**YOUR TASK**
The answer must reproduce every record exactly, with all pictures omitted.

(Saved data entries)
________

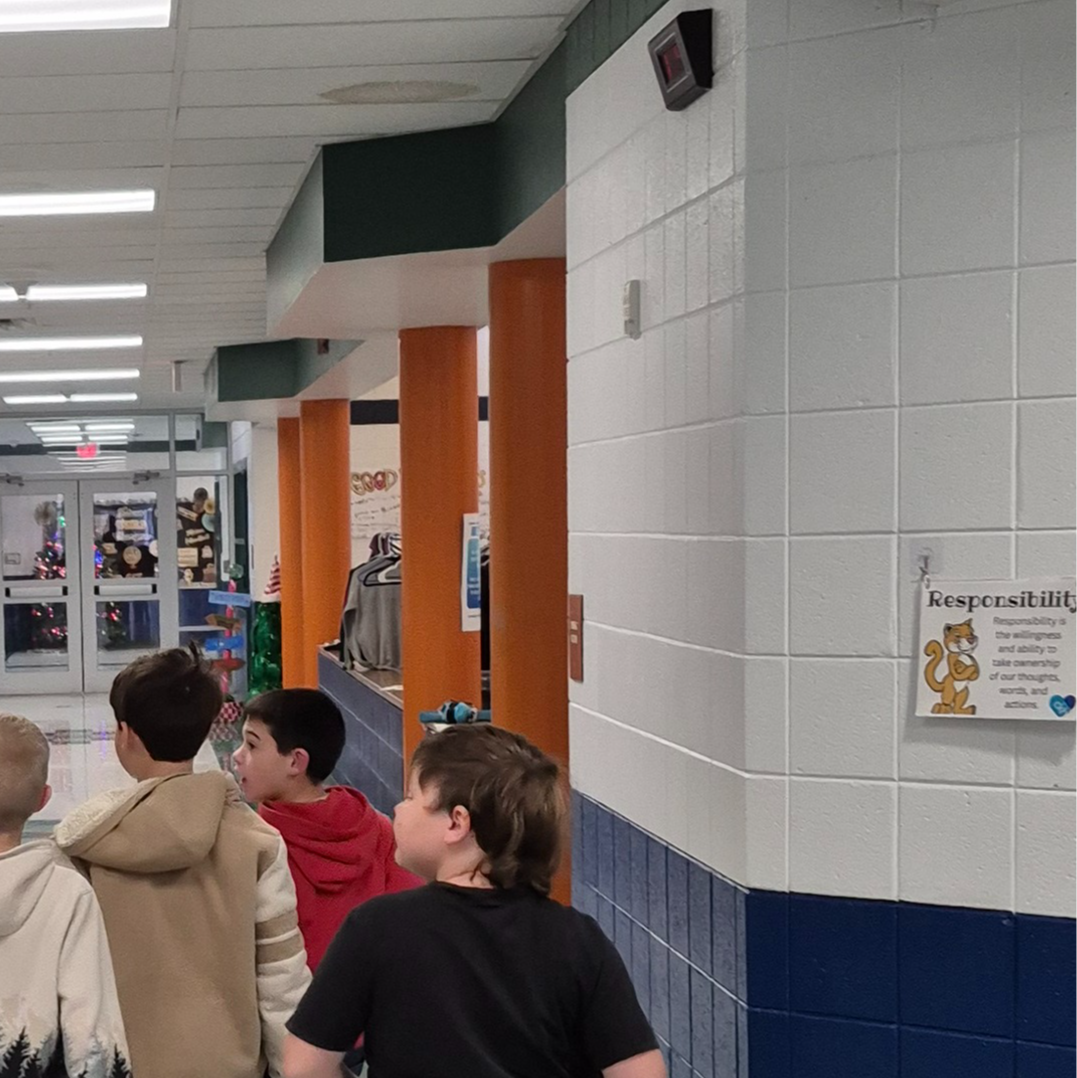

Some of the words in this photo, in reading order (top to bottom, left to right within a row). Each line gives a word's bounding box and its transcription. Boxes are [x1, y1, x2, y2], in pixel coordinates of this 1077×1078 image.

[993, 617, 1056, 627] Responsibility
[995, 631, 1011, 639] the
[1013, 630, 1062, 641] willingness
[998, 645, 1015, 653] and
[1017, 645, 1044, 655] ability
[992, 659, 1012, 667] take
[1013, 659, 1061, 669] ownership
[989, 672, 999, 680] of
[1031, 687, 1048, 695] and
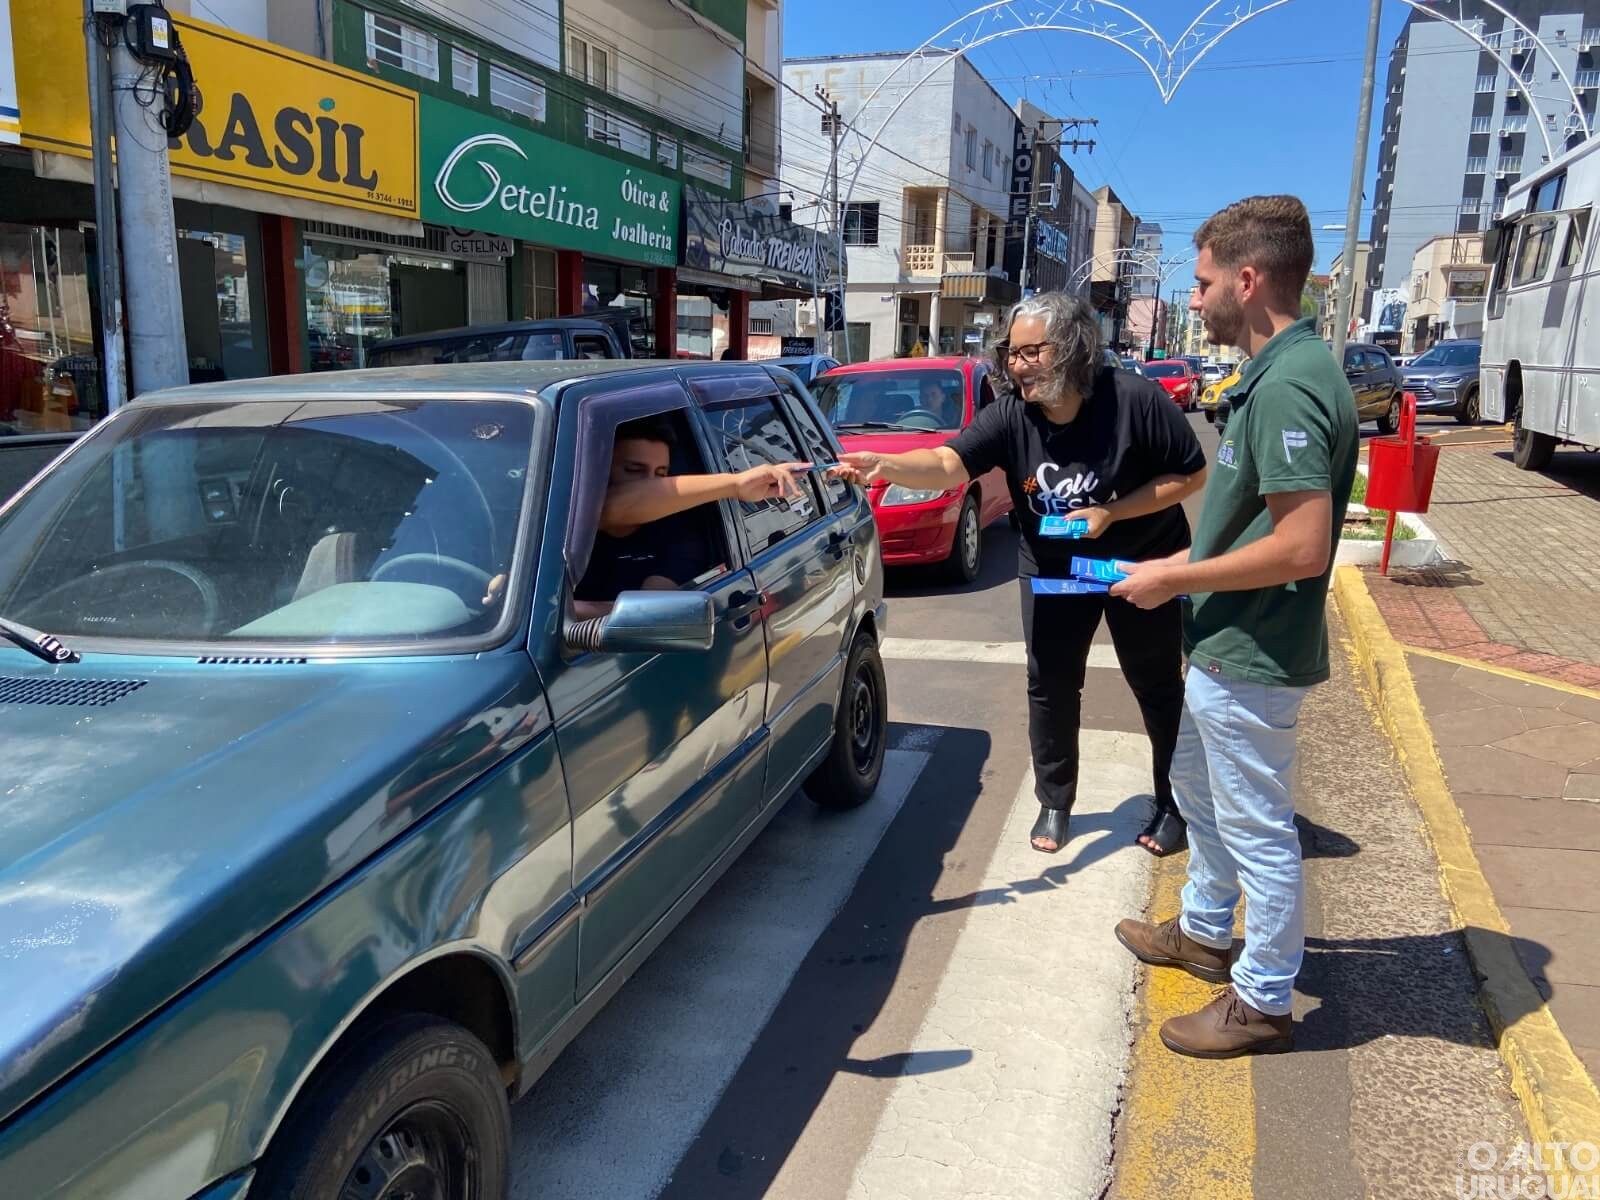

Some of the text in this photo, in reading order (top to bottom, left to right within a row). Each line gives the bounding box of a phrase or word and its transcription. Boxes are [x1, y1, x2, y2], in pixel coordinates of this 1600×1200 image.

[434, 133, 599, 230] Getelina
[621, 169, 670, 213] Ótica &
[450, 239, 509, 254] GETELINA
[611, 217, 672, 251] Joalheria
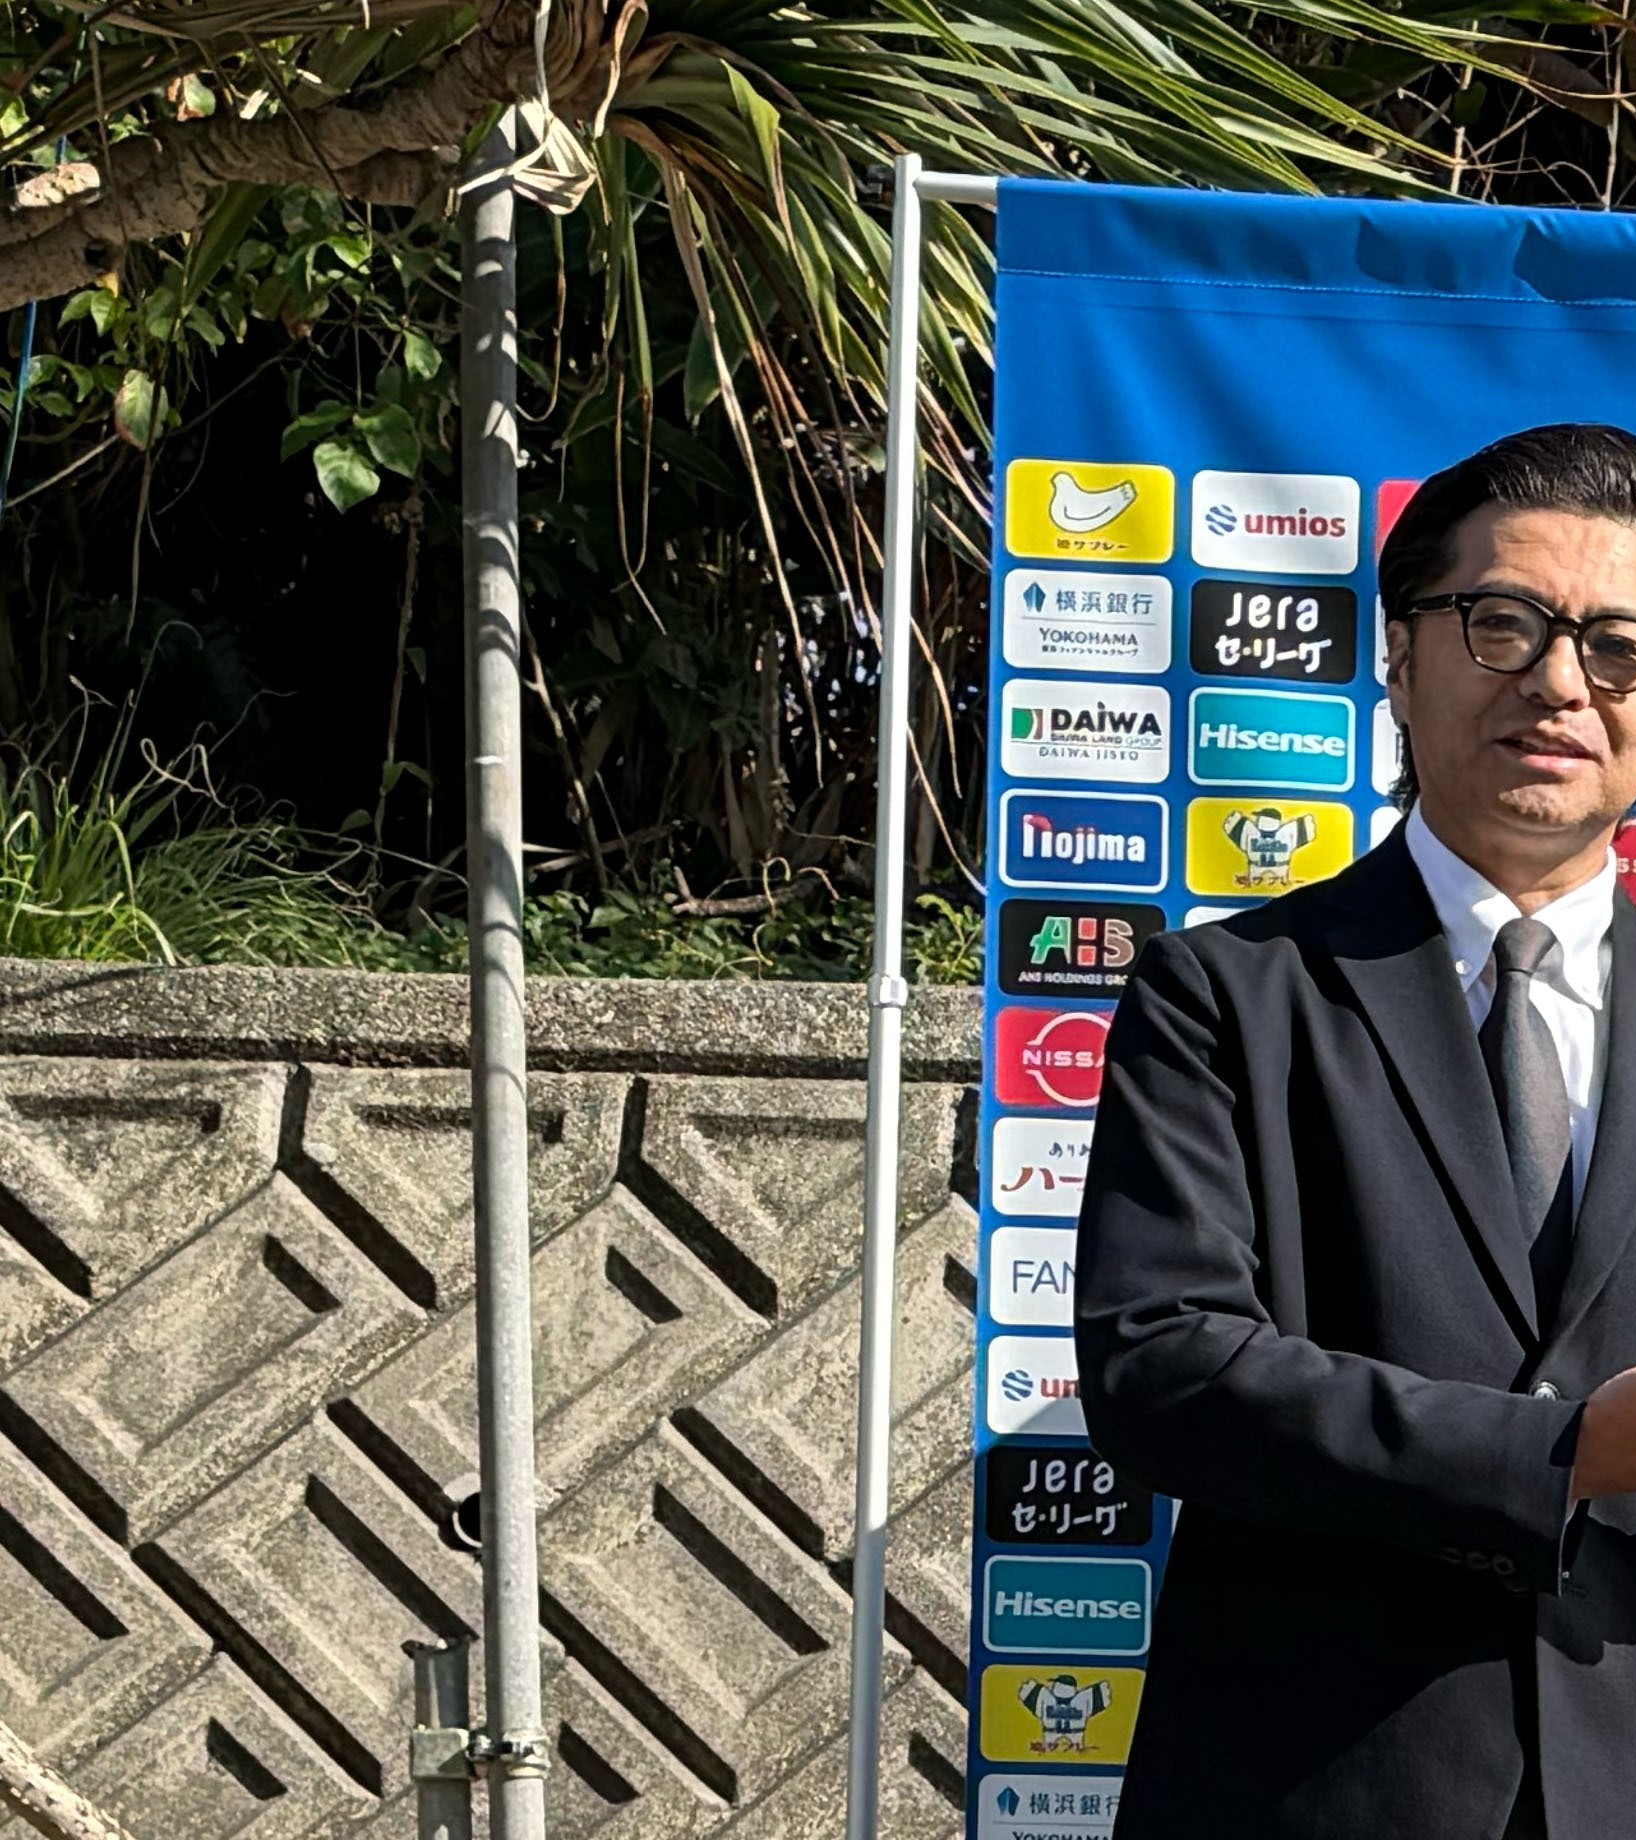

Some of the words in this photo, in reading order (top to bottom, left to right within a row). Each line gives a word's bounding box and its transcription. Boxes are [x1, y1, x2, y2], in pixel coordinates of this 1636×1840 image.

[1245, 508, 1346, 538] umios
[1056, 589, 1154, 616] 横浜銀行
[1039, 627, 1138, 647] YOKOHAMA
[1199, 722, 1346, 757] Hisense
[1023, 1049, 1106, 1068] NISS
[1000, 1167, 1084, 1193] ハー
[995, 1591, 1142, 1619] Hisense

________

**ANSWER SPACE**
Some of the words in this photo, in reading order (top to bottom, left to right within a row). Each line gives a word's bounding box and its transcription. Boxes are [x1, y1, x2, y2], in pixel coordinates of this 1077×1078 image.

[993, 617, 1056, 627] Responsibility
[995, 631, 1011, 639] the
[1013, 630, 1062, 641] willingness
[998, 645, 1015, 653] and
[1017, 645, 1044, 655] ability
[992, 659, 1012, 667] take
[1013, 659, 1061, 669] ownership
[989, 672, 999, 680] of
[1031, 687, 1048, 695] and

Some of the text in this photo, in reading order (top to bottom, left to right within a row). Each line gives the bounding box of a phrase or word and its transcription. Boxes are [x1, y1, x2, y2], in pixel coordinates of this 1600×1200 image.

[434, 133, 599, 230] Getelina
[621, 169, 670, 213] Ótica &
[450, 239, 509, 254] GETELINA
[611, 217, 672, 251] Joalheria

Some of the words in this photo, in reading order (top to bottom, left to right within a row). Each line gives a word's bounding box and its transcription. Boxes are [x1, y1, x2, y2], in pixel coordinates of this 1636×1840 image.

[1245, 508, 1346, 538] umios
[1056, 589, 1154, 616] 横浜銀行
[1039, 627, 1138, 647] YOKOHAMA
[1199, 722, 1346, 757] Hisense
[1023, 1049, 1106, 1068] NISS
[1000, 1167, 1084, 1193] ハー
[995, 1591, 1142, 1619] Hisense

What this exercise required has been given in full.